Прокопий Севастьянович еще не знал, что сделает, если предположение окажется верным. Но сама мысль об этом сделалась для него такой невыносимой, что он едва не бегом бросился к конюшне, чтобы оседлать Кайзера и помчаться на розыски пропавшей.

— Не балуй, — отмахнулся от коня, который потянулся к его носу мягкими теплыми губами.

Конь не обиделся. Фыркая от свежего морозного воздуха, охотно пошел за хозяином.

— Не дуйся, дьявол, — Прокопий Севастьянович подтянул подпругу еще на одно отверстие, поставил ногу в стремя, но вспомнив, что калитка закрыта, повел коня в поводу. И тут он увидел на снегу, под самым окошком времянки, отпечаток Ольгиного ботинка — маленький, узенький, с ямочкой от острого каблучка.

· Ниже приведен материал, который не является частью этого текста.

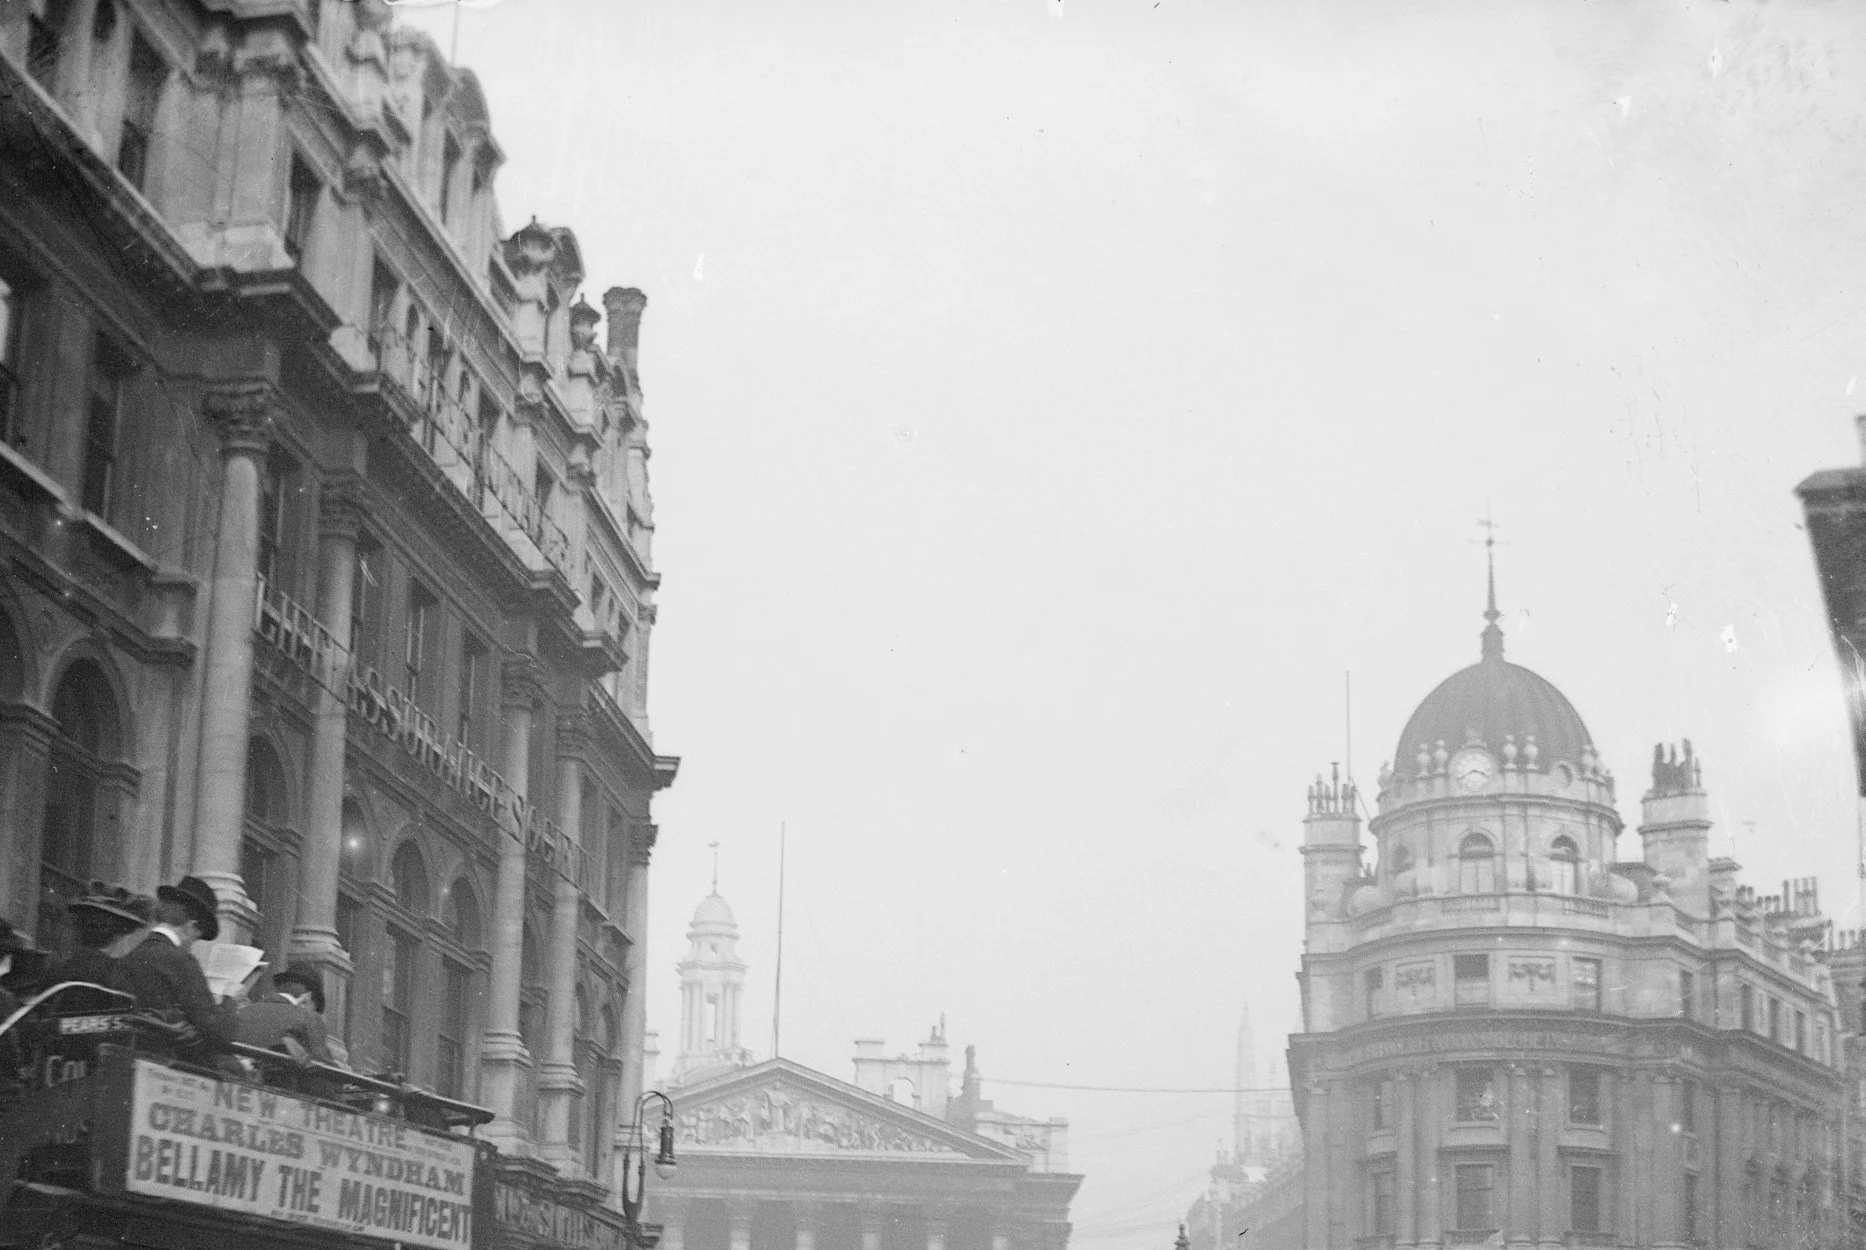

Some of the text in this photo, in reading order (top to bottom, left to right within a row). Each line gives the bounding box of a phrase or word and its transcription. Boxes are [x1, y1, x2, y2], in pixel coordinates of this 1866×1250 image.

Старый казак нагнулся, инстинктивно осмотрелся вокруг — не видит ли кто его мальчишеской выходки? Вон еще один след — к сараю. «До ветру, должно, на баз ходила», — усмехнулся свекор, чувствуя, как снежный след холодной струйкой побежал по горячим пальцам.

Он набросил повод уздечки на столбик калитки и, не отдавая себе отчета в том, что делает, пошел по следам. Они прочастили вдоль стены сарая, миновали припорошенный свежим снегом баз и свернули к стоящей у плетня скирде с сеном. Тут только Прокопий Севастьянович заметил, что Ольгины следы переплетаются со следами чьих–то сапог. Так и есть! Это сапоги чертова осетина!

Атаман крадучись подошел к скирде и услышал приглушенный разговор:

— Отстань, смола, — шептала женщина, смеясь и, очевидно, шлепая дружка по рукам. — Ты неначе наш поп: чем больше берешь, тем жаднее делаешься. Уходи–ка, мил-друг, пока мой дурак с Тереку не приперся — придется тогда рубль давать.

У Прокопия Севастьяновича потемнело в глазах. Ольга! Вместе с писарем! Мнут сено, которое он косил собственными руками! Усилием воли удержал себя, чтобы не броситься вперед, лишь скроготнул зубами.

— Посмотри, какие я тебе серьги принес, — послышался в ответ Микалов голос. — Разве они не стоят еще одного поцелуя?

— Ой, какие красивые! — воскликнула Ольга.

С минуту за скирдой слышались тихая возня, поцелуи, смех.

— Что я тебе сказать хочу, — снова заговорил Микал. — Давай уйдем из станицы.